*** Source material ***
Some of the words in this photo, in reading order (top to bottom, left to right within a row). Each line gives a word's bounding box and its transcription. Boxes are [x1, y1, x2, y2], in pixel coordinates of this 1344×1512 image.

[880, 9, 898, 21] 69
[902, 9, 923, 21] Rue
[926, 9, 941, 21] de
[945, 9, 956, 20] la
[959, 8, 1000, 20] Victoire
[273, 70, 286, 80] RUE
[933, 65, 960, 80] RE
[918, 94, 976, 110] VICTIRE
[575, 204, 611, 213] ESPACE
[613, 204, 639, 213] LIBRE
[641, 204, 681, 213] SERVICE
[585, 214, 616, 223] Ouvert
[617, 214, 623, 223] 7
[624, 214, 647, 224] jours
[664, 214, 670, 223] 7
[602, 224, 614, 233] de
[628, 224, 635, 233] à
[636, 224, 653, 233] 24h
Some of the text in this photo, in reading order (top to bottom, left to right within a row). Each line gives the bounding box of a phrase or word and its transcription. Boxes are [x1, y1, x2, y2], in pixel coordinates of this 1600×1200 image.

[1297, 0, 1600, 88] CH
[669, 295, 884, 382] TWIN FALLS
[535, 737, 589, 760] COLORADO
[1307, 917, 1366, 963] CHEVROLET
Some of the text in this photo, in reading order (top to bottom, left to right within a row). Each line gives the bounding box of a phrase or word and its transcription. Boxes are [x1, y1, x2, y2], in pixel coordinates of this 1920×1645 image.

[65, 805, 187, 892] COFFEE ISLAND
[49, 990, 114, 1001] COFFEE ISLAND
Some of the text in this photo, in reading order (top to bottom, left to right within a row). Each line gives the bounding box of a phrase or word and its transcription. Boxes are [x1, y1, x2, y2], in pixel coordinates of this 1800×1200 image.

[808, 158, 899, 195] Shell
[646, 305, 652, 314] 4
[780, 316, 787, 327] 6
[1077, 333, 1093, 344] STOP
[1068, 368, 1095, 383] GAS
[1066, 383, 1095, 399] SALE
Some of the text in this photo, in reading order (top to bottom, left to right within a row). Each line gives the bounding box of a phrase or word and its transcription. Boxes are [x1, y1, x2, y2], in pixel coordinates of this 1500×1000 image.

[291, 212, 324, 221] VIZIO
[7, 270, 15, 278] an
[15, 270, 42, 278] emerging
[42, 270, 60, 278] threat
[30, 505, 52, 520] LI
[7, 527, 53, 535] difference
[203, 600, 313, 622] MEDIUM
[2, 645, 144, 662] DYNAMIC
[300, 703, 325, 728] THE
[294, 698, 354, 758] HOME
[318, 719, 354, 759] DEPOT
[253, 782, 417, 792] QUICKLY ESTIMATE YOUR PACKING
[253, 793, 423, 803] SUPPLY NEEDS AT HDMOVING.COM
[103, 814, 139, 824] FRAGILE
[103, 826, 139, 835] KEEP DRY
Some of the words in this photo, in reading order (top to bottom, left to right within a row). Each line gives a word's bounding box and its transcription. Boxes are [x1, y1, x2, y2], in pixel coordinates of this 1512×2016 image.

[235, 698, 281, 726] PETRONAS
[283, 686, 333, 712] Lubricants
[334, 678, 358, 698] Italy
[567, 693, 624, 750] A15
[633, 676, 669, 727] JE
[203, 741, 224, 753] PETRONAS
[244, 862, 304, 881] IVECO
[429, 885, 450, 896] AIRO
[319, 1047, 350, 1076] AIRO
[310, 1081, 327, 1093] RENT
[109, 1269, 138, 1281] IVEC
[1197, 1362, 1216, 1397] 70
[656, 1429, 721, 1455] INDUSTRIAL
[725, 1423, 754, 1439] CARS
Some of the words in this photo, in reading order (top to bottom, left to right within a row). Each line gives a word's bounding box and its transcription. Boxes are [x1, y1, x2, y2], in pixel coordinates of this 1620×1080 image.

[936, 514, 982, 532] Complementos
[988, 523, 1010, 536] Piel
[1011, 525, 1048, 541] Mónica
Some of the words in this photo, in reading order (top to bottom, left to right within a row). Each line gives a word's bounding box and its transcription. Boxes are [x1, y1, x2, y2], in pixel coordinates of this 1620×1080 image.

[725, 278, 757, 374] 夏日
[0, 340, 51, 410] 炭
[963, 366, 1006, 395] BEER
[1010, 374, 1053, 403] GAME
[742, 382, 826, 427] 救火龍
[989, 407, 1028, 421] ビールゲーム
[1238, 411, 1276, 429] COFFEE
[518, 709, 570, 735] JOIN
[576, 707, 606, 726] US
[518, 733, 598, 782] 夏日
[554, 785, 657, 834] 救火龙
*** End of Source material ***
# Work request:
Take every line from the one containing "this 1512×2016 image." to the end of the listing and output it exactly, with nothing else.

# Result below:
Some of the words in this photo, in reading order (top to bottom, left to right within a row). Each line gives a word's bounding box and its transcription. Boxes are [x1, y1, x2, y2], in pixel coordinates of this 1512×2016 image.

[235, 698, 281, 726] PETRONAS
[283, 686, 333, 712] Lubricants
[334, 678, 358, 698] Italy
[567, 693, 624, 750] A15
[633, 676, 669, 727] JE
[203, 741, 224, 753] PETRONAS
[244, 862, 304, 881] IVECO
[429, 885, 450, 896] AIRO
[319, 1047, 350, 1076] AIRO
[310, 1081, 327, 1093] RENT
[109, 1269, 138, 1281] IVEC
[1197, 1362, 1216, 1397] 70
[656, 1429, 721, 1455] INDUSTRIAL
[725, 1423, 754, 1439] CARS
Some of the words in this photo, in reading order (top to bottom, left to right within a row). Each line gives a word's bounding box and its transcription. Boxes are [x1, y1, x2, y2], in pixel coordinates of this 1620×1080 image.

[936, 514, 982, 532] Complementos
[988, 523, 1010, 536] Piel
[1011, 525, 1048, 541] Mónica
Some of the words in this photo, in reading order (top to bottom, left to right within a row). Each line gives a word's bounding box and its transcription. Boxes are [x1, y1, x2, y2], in pixel coordinates of this 1620×1080 image.

[725, 278, 757, 374] 夏日
[0, 340, 51, 410] 炭
[963, 366, 1006, 395] BEER
[1010, 374, 1053, 403] GAME
[742, 382, 826, 427] 救火龍
[989, 407, 1028, 421] ビールゲーム
[1238, 411, 1276, 429] COFFEE
[518, 709, 570, 735] JOIN
[576, 707, 606, 726] US
[518, 733, 598, 782] 夏日
[554, 785, 657, 834] 救火龙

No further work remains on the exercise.